We wanted to be on the road by 6:30 am, so I started out the trip by sleeping in my trailer at the barn in order to save time driving and hooking up in the morning, and was still up at 3:30 in order to pick Jill and her mare up by 6:00. It was worth it; we made good time and arrived at Meadow Run by early afternoon. We were able to take a few hours to let our horses settle in and stretch their legs a little before our dressage lesson that evening.
Even though Jill is light-years ahead of me in dressage, we choose to ride together so we could watch and learn from each other. Jim asked what I wanted to work on. I’ve been struggling to learn to sit the trot so he started by giving me exercises to try to get my seat to relax: reaching one arm up, then back between my shoulder blades while leaning back, intermittently closing my eyes, and sitting 5-10 steps then posting once. He encouraged both of us to ride with a more active seat, and this gave me something to work on and think about so the sitting started to come a little more naturally and my horse’s gaits immediately improved as a result.
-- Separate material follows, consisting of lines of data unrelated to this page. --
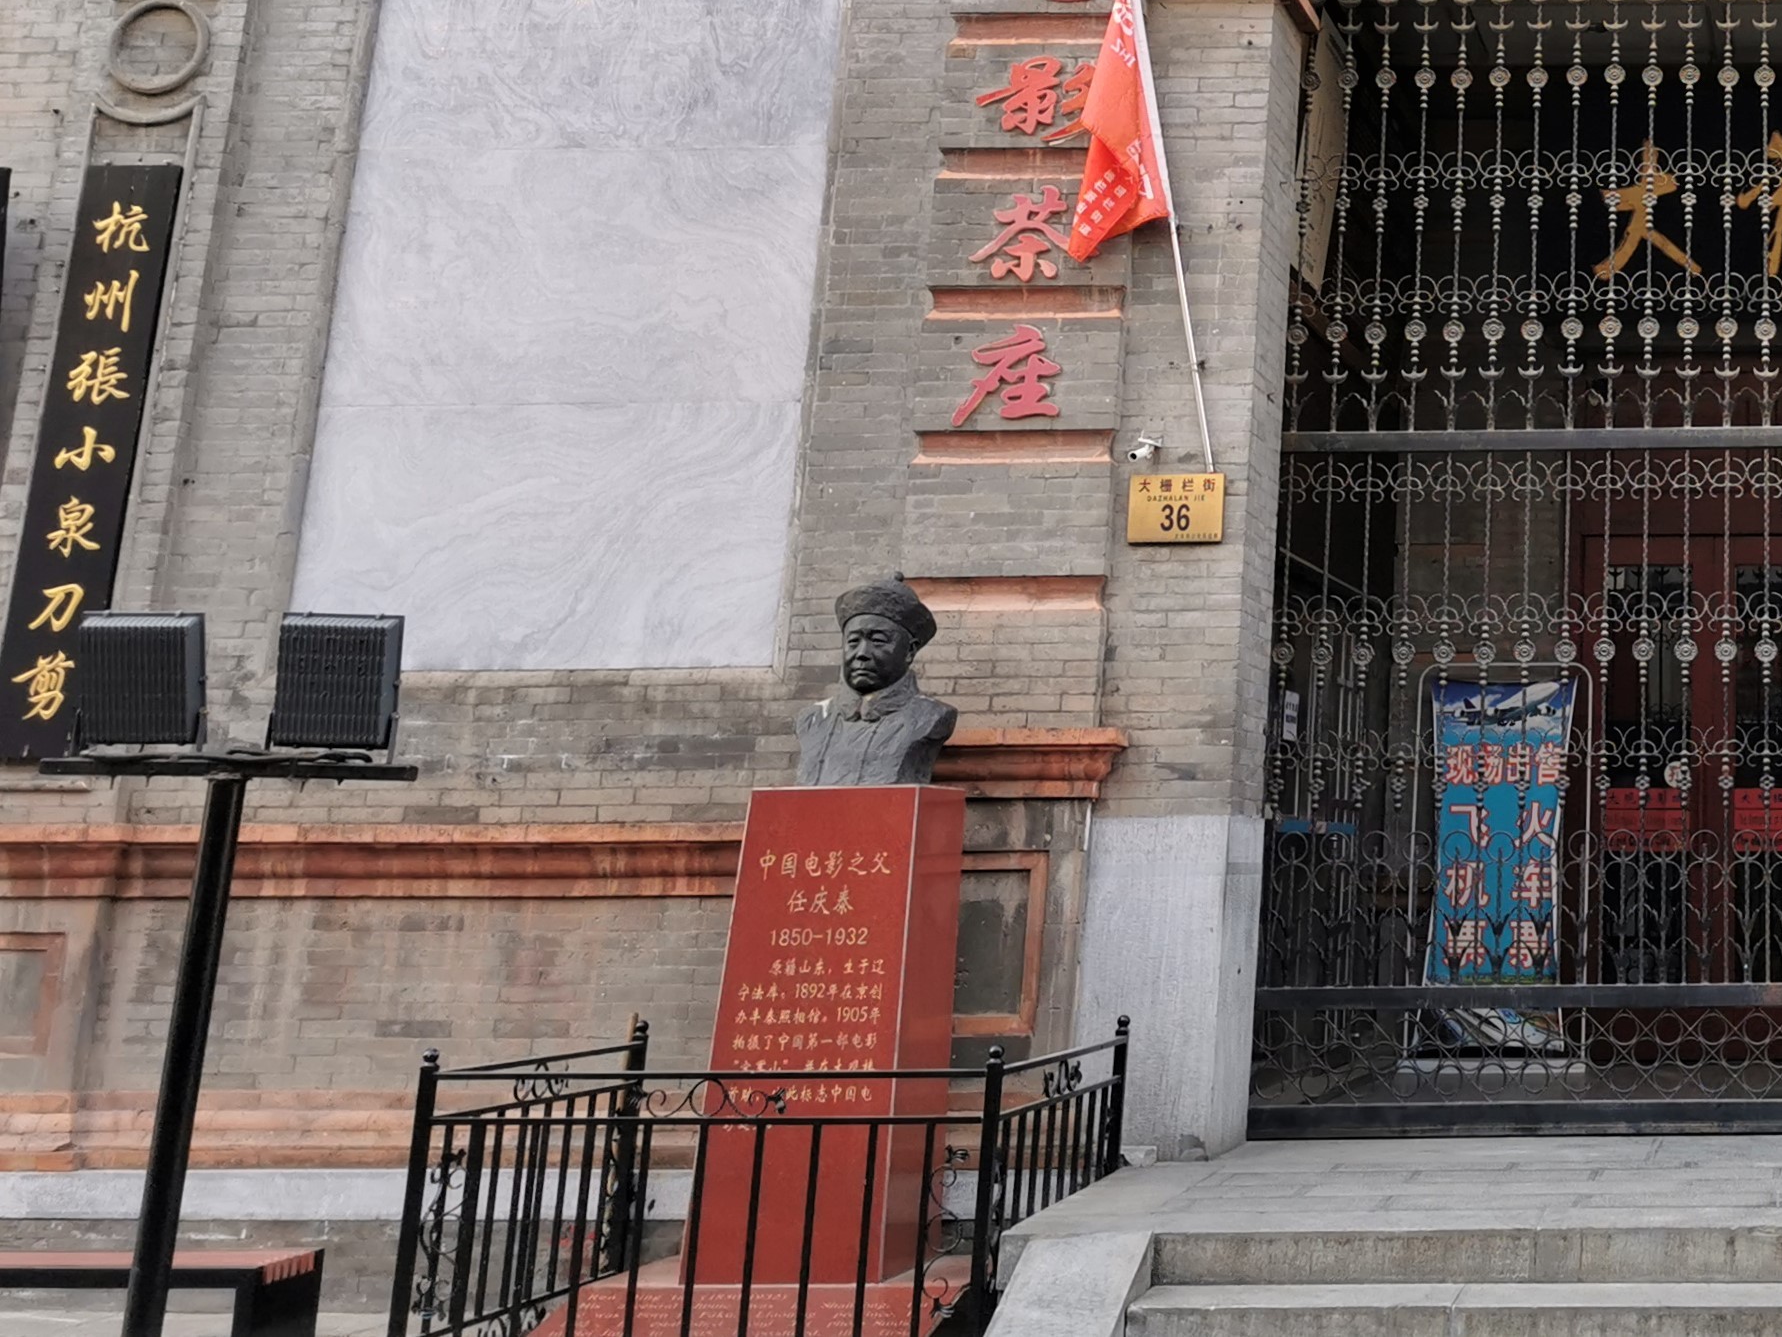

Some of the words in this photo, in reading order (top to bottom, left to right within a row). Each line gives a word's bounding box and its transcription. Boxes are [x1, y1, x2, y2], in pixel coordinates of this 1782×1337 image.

[11, 201, 150, 720] 杭州張小泉刀剪
[1139, 478, 1215, 492] 大栅栏街
[1160, 504, 1190, 531] 36
[1445, 745, 1562, 785] 现场出售
[759, 849, 891, 880] 中国电影之父
[1442, 804, 1490, 968] 飞机票
[1509, 801, 1553, 969] 火车票
[787, 886, 854, 915] 任庆泰
[770, 927, 868, 946] 1850-1932
[732, 1032, 877, 1051] 拍摄了中国第一部电影
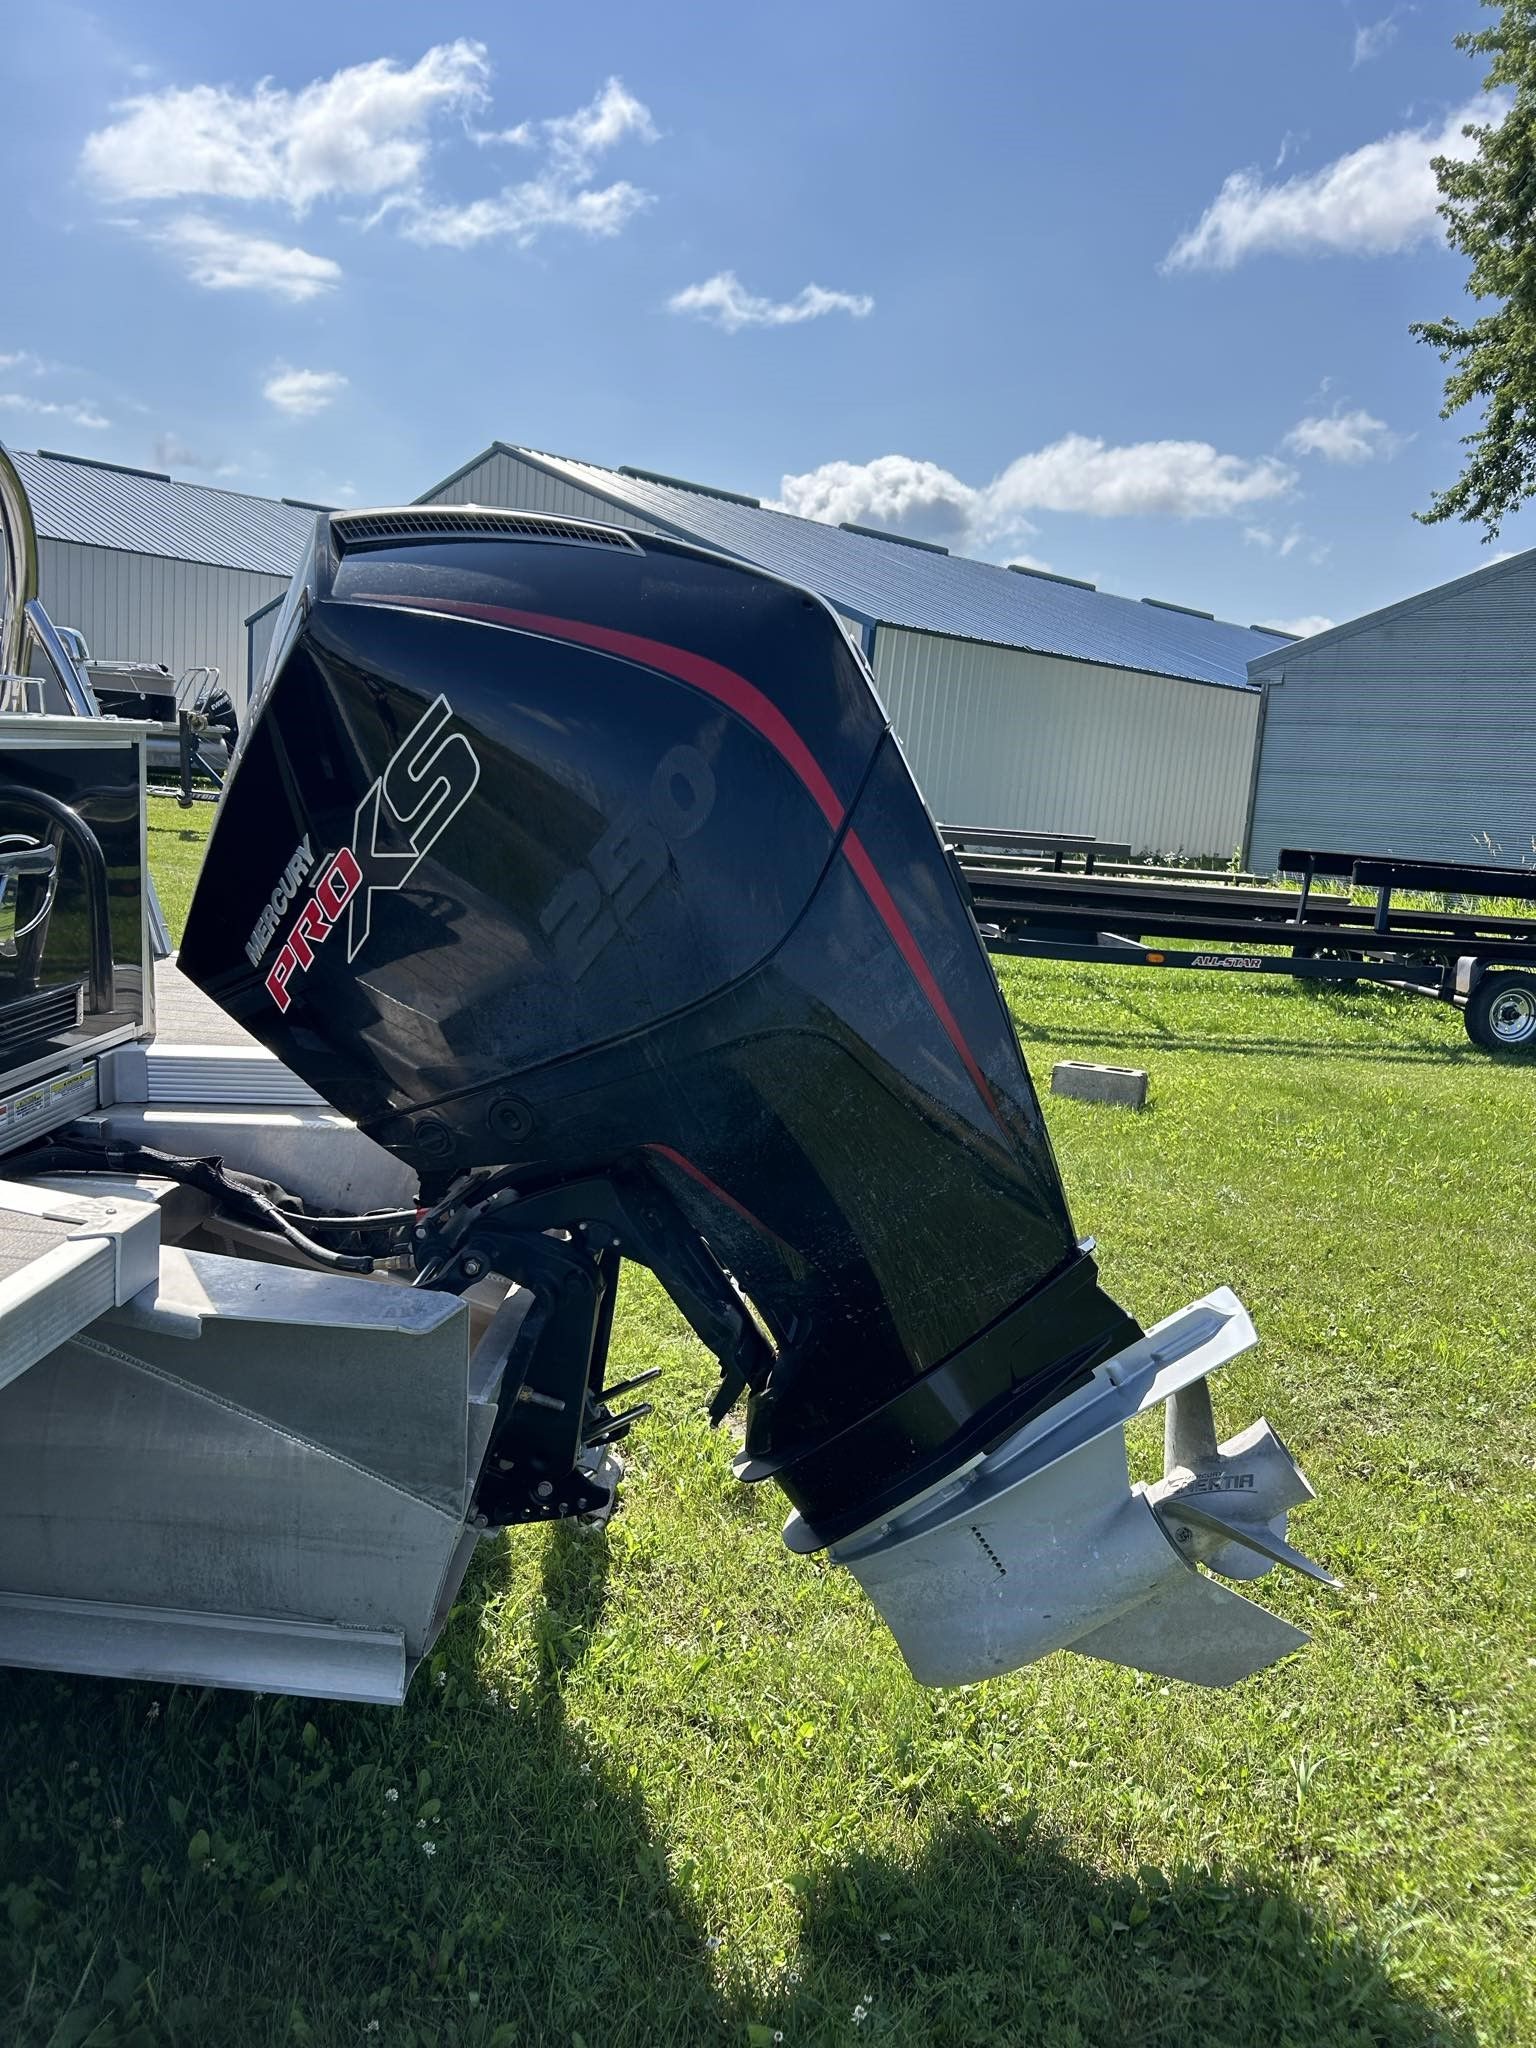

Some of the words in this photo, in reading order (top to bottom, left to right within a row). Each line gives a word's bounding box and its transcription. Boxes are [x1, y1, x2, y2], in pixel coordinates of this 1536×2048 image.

I struggled the most in our jumping lesson on Friday (video evidence below), but that’s the day I learned the most. In warm up, Jim wanted to see us adjust our horses’ strides so we could quickly put them on a 9’, 12’ or 15’ stride, using collection and frequent halts and half-halts when our horses became heavy on the forehand.
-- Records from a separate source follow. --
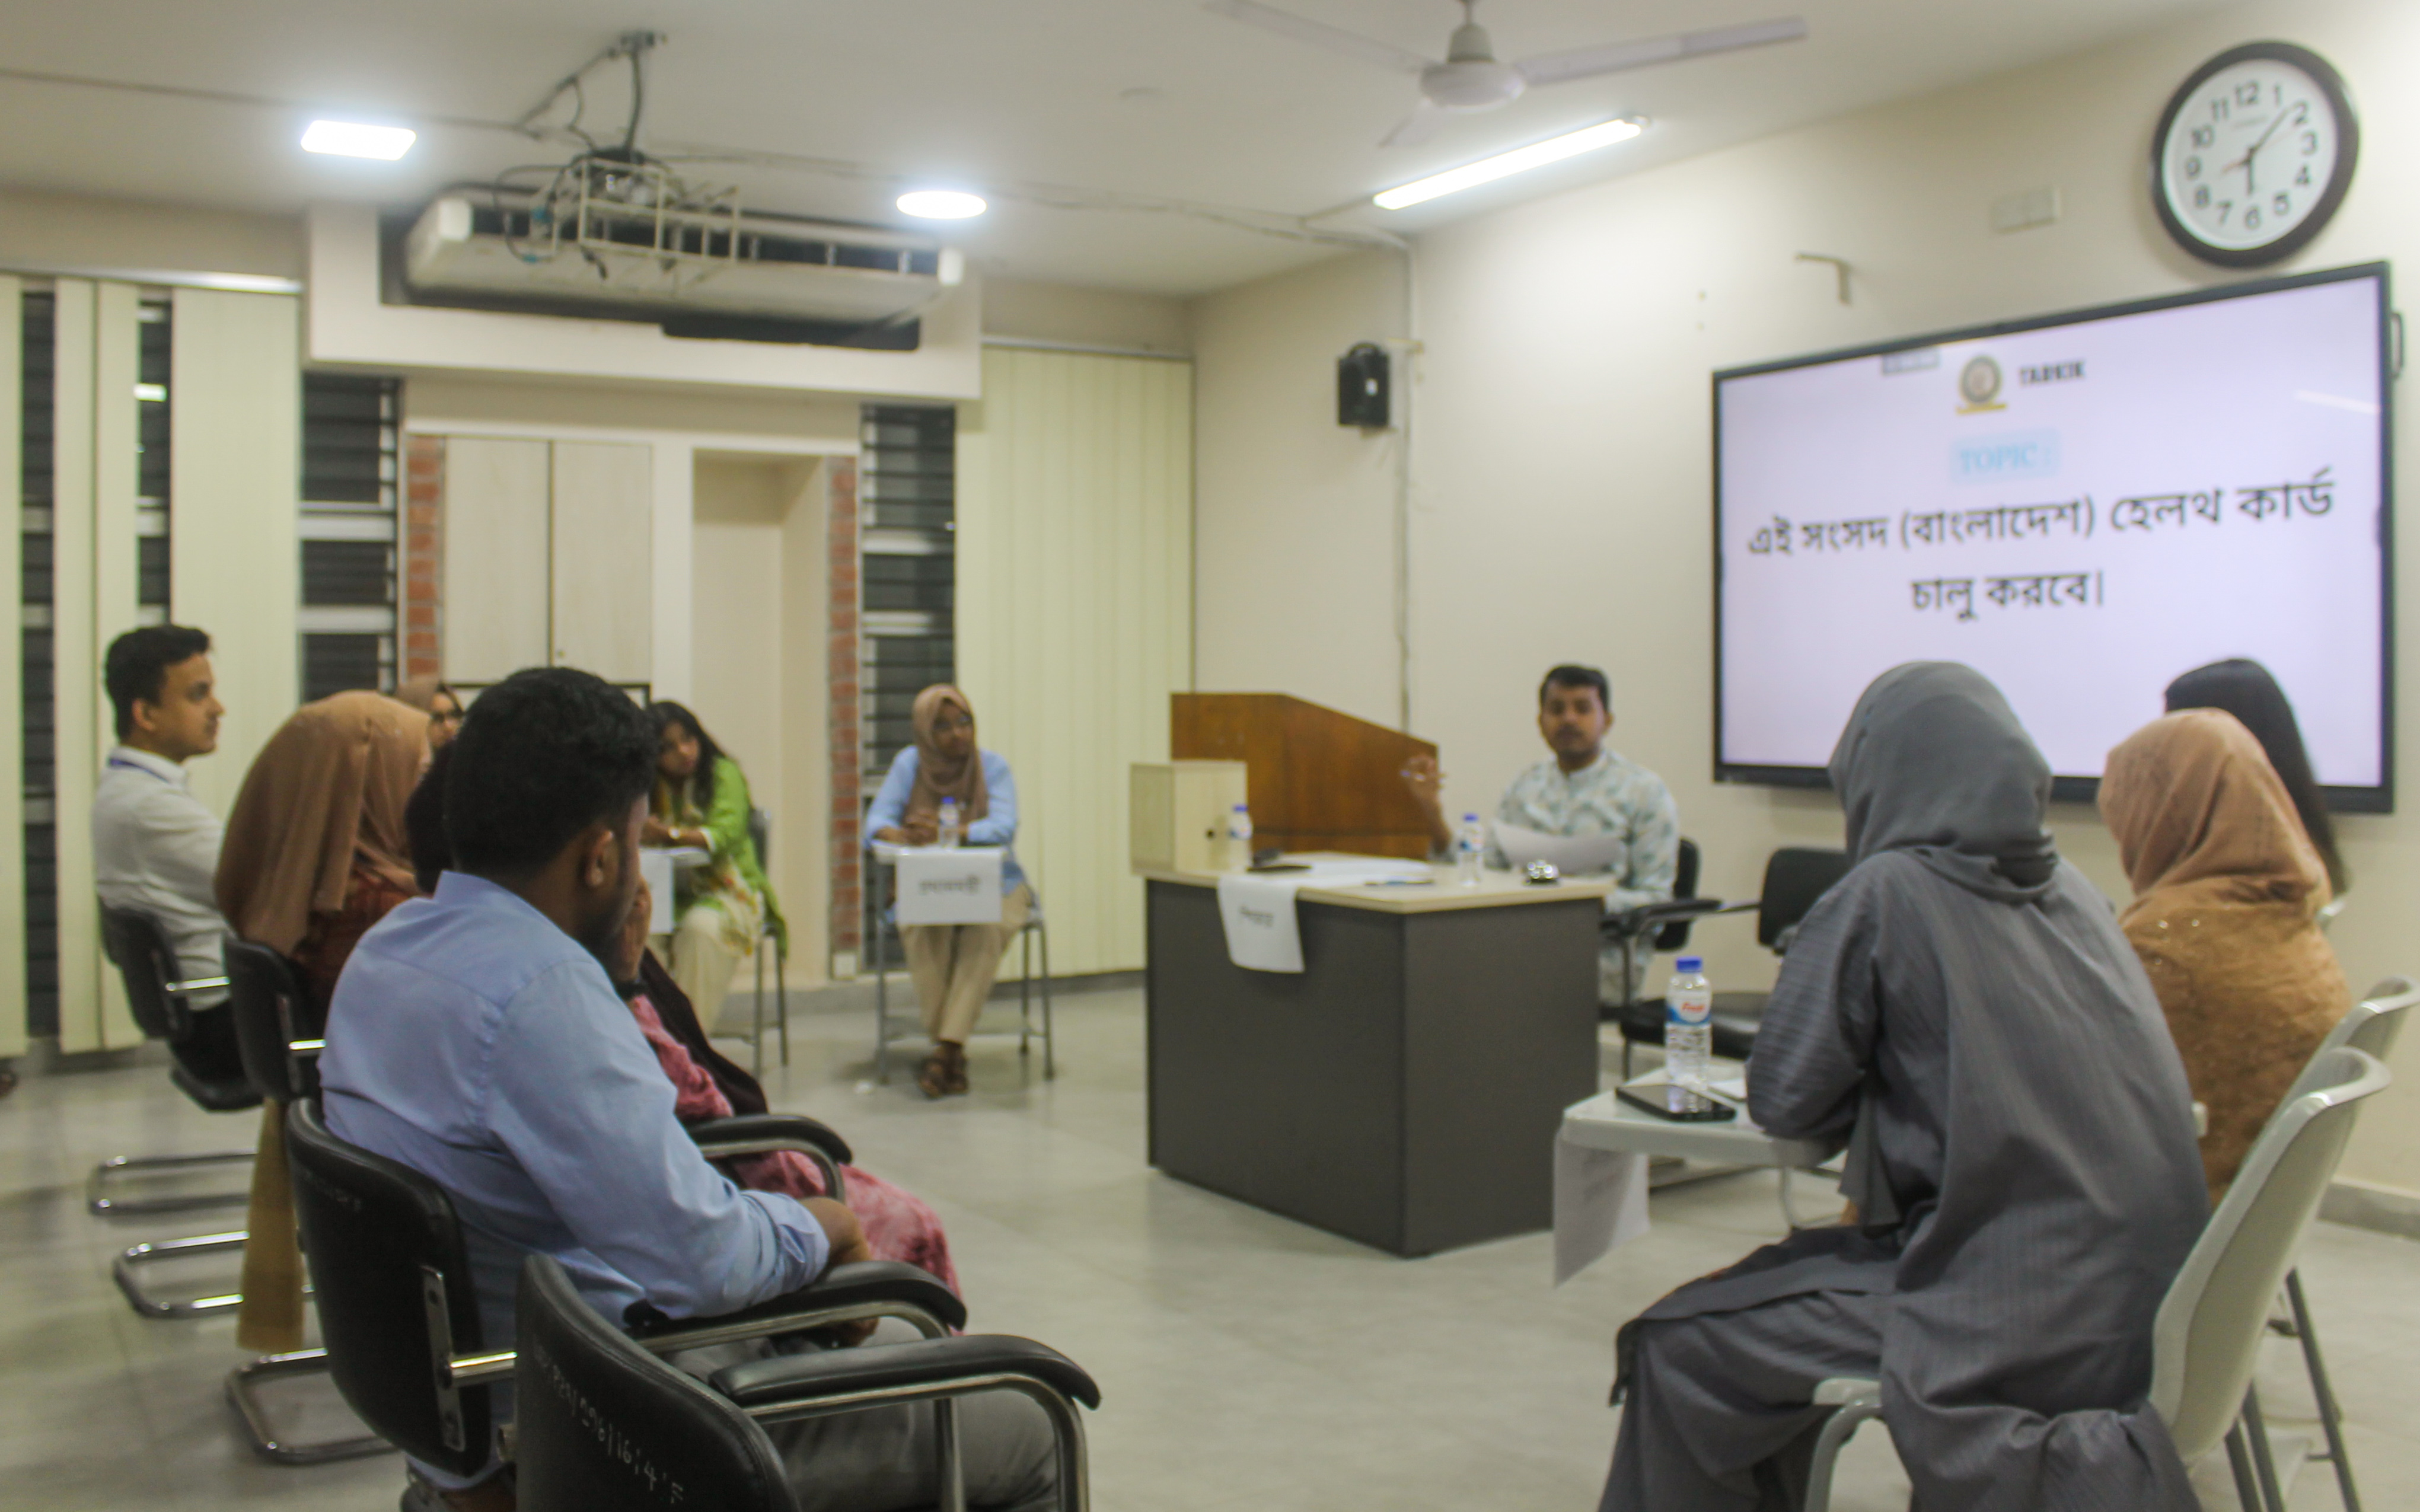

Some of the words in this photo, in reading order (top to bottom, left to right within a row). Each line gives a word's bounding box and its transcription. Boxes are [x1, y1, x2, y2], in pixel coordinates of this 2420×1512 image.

[2235, 81, 2259, 106] 12
[2211, 97, 2229, 122] 11
[2292, 101, 2309, 127] 2
[2192, 125, 2215, 148] 10
[2301, 132, 2317, 155] 3
[2185, 155, 2201, 180] 9
[2295, 164, 2310, 186] 4
[2195, 184, 2211, 209] 8
[2274, 191, 2291, 216] 5
[2217, 200, 2233, 225] 7
[2244, 206, 2261, 230] 6
[1959, 443, 2039, 473] TOPIC
[1748, 515, 1793, 556] এই
[1801, 516, 1889, 552] সংসদ
[1900, 494, 2096, 550] (বাংলাদেশ)
[2110, 486, 2224, 532] হেলথ
[2235, 465, 2336, 521] কার্ড
[1910, 576, 1979, 623] চালু
We started with a low oxer, and Jim explained today wasn’t about riding to a distance. Unfortunately, it took more than an explanation for me to get it. I could establish a balanced canter through the corner and approach but as soon as I saw my distance I would completely abandon the canter, which allowed my horse to pop his right shoulder out and fall on his forehand. To try to break the habit and show me what he was looking for, Jim instructed me to look somewhere besides the fence on the approach to avoid seeing a distance.
My horse had become so responsive to the half-halts that, by the time we added other jumps to the line, he came back to me so quickly it took me by surprise. This was huge for us as he typically lands and pulls. We were thrilled to see all the ground work paid off when both our horses came out on Saturday where we had finished the day before so we were able to add a lot more to our course work. The weather and the footing were perfect for a cross-country school on Sunday morning. I had glimpses of the balanced canter I had in the ring but was struggling to maintain and add speed to it – lots to work on!
While I feel like my horse is more fit earlier this year, we haven’t really jumped all winter so I was thrilled with him. He really didn’t put a foot wrong all weekend, allowing me to make the most of our time with Jim. It was such a great experience, and I love Jim’s teaching style. He worked as hard as I did to get the best out of us, and I hope I’ll have another opportunity to ride with him soon!